If you are a California resident, you can now have medical marijuana delivered directly to your door, by prescription-drug courier services, and more cheaply than by purchasing your medicine at a medical marijuana dispensary. According to the Sacramento Bee, "Medical Pot Business Goes Mobile."
Among the ironies of this development is that this is a response by dispensary owners to the recent restrictions being implemented in Los Angeles and in some other California cities and counties on marijuana dispensaries, because no local governments have set about dealing with direct delivery, and they probably can't. This March, a marijuana direct delivery activist was acquitted in San Diego where the defense was the defendant acted legally under the state's medical marijuana law.
The Sac Bee reported today that:
A flourishing and unregulated industry of pot delivery services is circumventing bans on storefront dispensaries and bringing medical marijuana directly to people's homes, offices and other locations across the state, records and interviews show.
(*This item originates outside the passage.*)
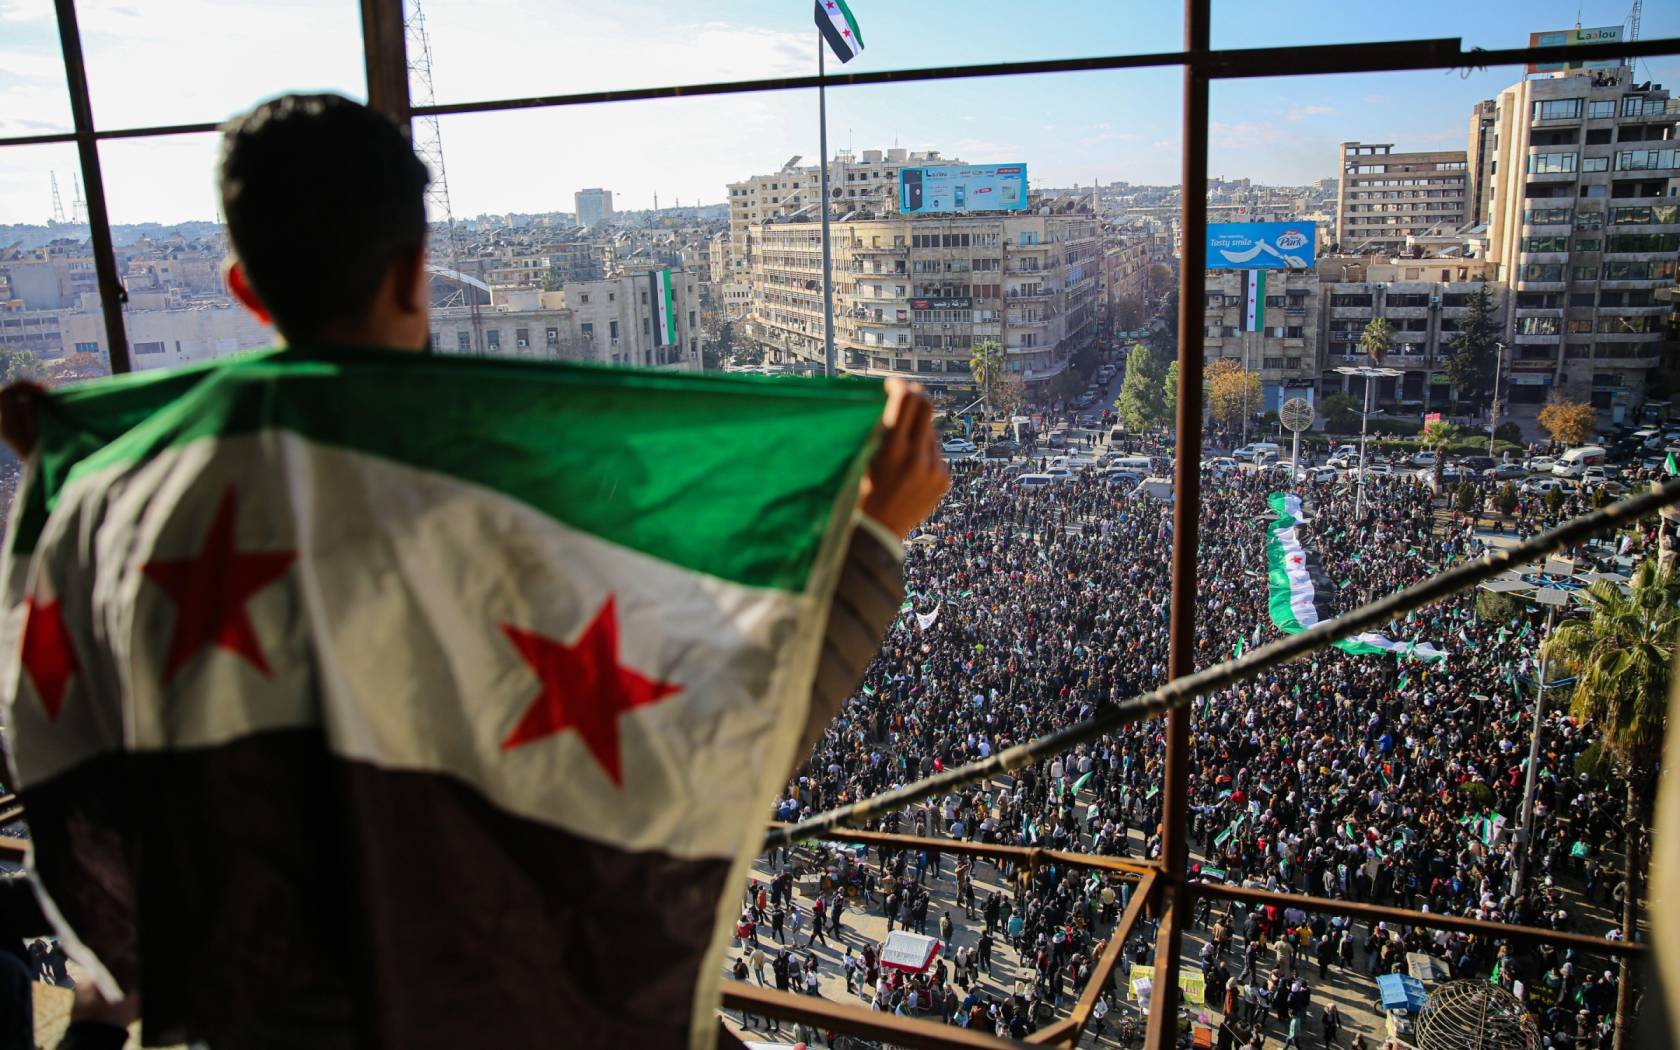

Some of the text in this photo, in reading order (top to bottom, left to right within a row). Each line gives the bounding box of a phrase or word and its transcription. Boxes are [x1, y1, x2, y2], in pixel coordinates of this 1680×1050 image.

[1577, 30, 1616, 41] Laalou
[1210, 238, 1252, 248] Tasty smile
[1279, 236, 1302, 247] Park
This development answers how medical marijuana users can get quality-controlled cannabis quickly and reliably, where many cities and counties are restricting the operation of dispensaries or banning dispensaries outright. The main argument against dispensaries is always some version of "security/attractive nuisance for criminals." With discreet delivery, there's no argument possible that dispensing cannabis medication threatens kids in schools (from dispensaries located near schools), supports drug cartels (since the cannabis is coming directly from growers operating legally), creates security problems (from criminals robbing dispensaries or invading homes where pot is being grown), or "sends the wrong message" (through storefront signage).
In another tasty irony, some delivery operations are modeling themselves on organic farms that deliver boxes of fruits and vegetables directly to homes.
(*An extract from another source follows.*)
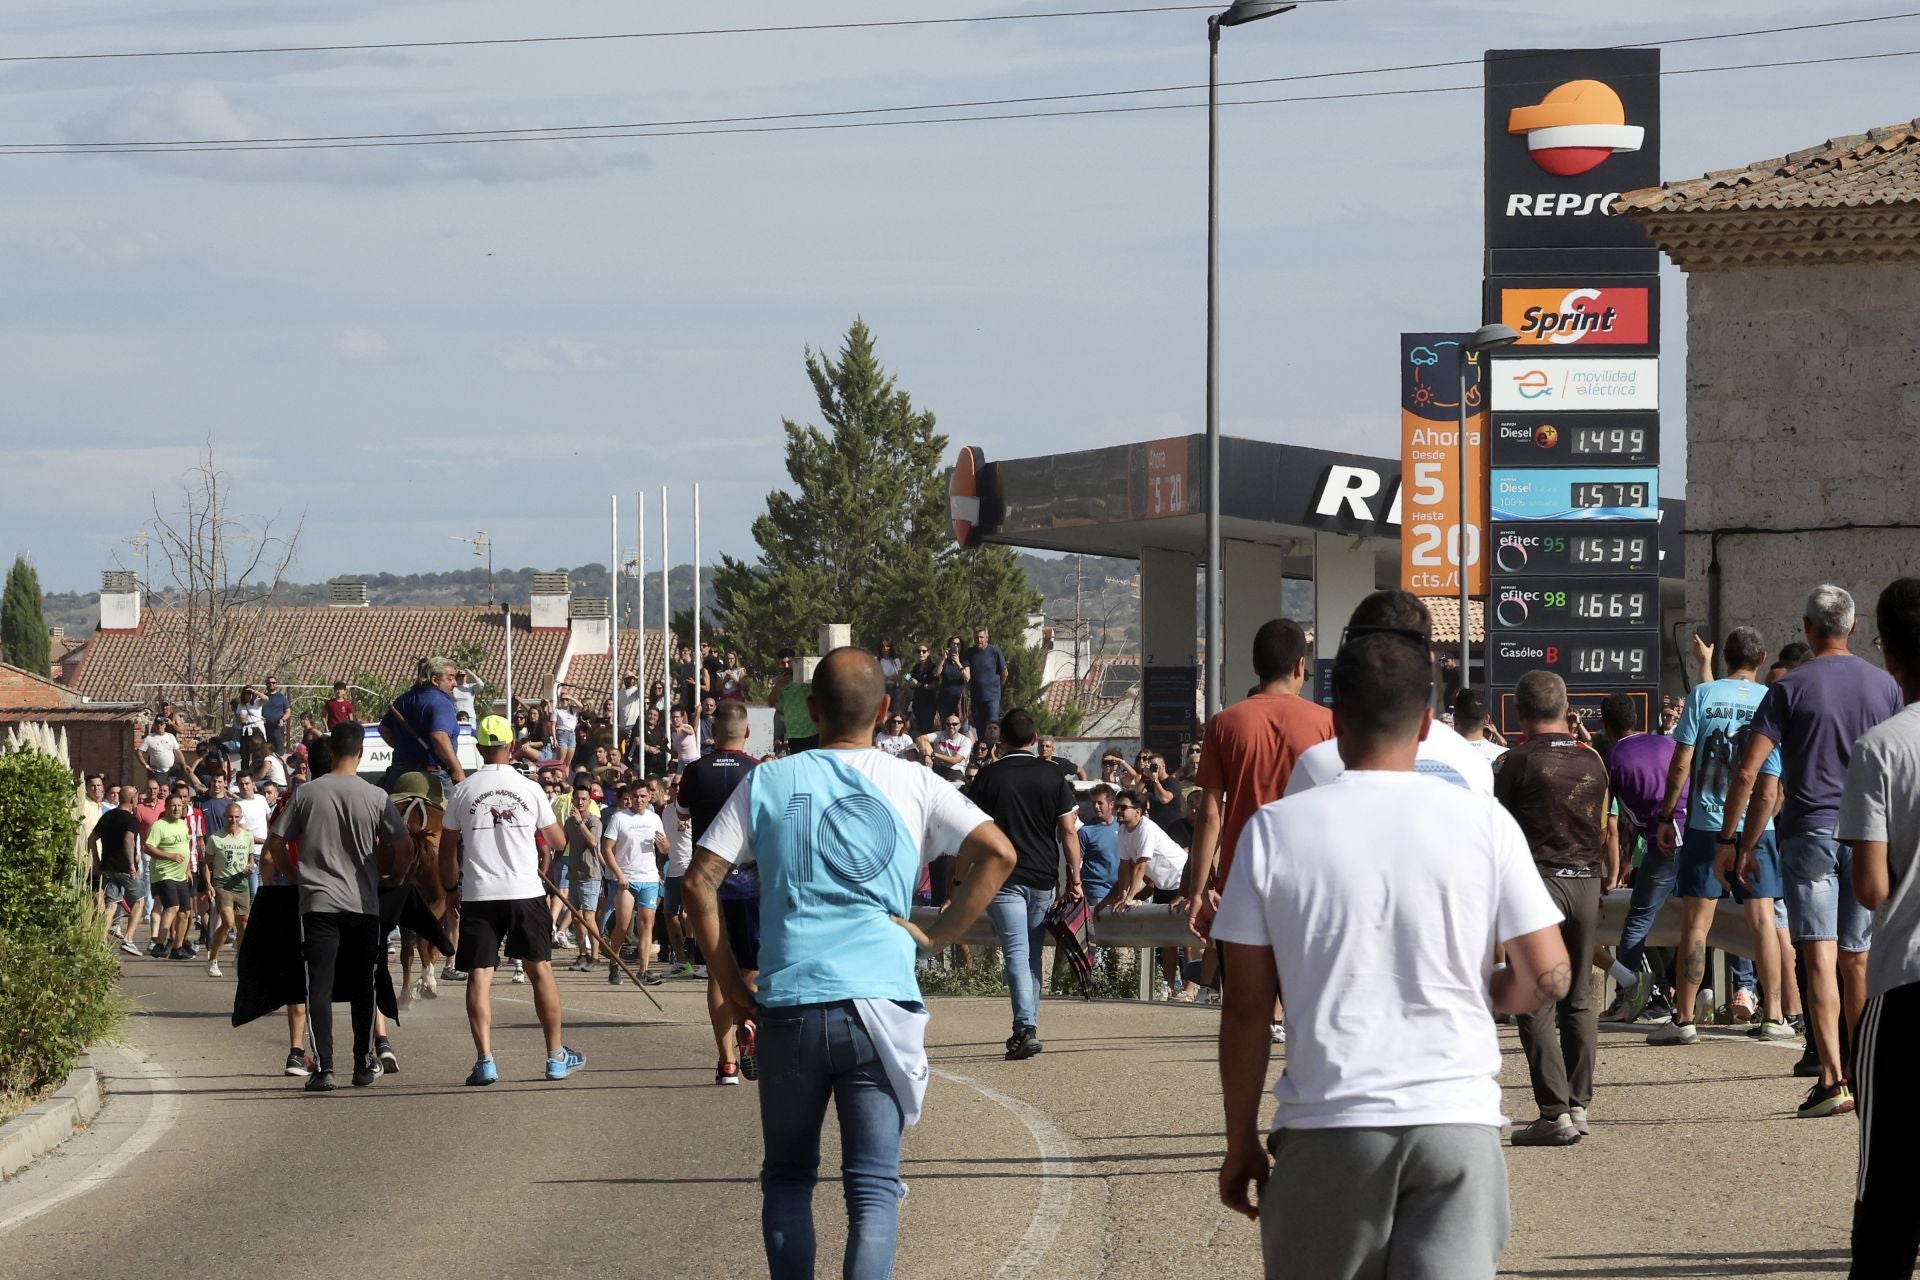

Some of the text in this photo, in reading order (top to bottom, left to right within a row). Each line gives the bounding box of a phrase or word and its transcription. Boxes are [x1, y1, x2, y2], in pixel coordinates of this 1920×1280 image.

Matthew Cohen, owner of Northstone Organics, pioneered what he calls "farm-direct medical marijuana." The Ukiah-based cooperative grows and delivers marijuana to a network of about 500 patients in nine Northern California counties, including Sacramento.
Northstone's business has grown briskly. Six months ago, Cohen was driving into the Bay Area twice a week to make deliveries himself. Now he's hired workers to deliver five times a week.
Cohen says the delivery industry "is moving at lightning speed. " Cohen thinks more growers are understanding the legal situation and patients are also finding out that they can get cannabis straight from the source, cutting out the middle man. Lower prices, convenient home delivery. What could be finer?
Maybe the Revolution is coming in an envelope.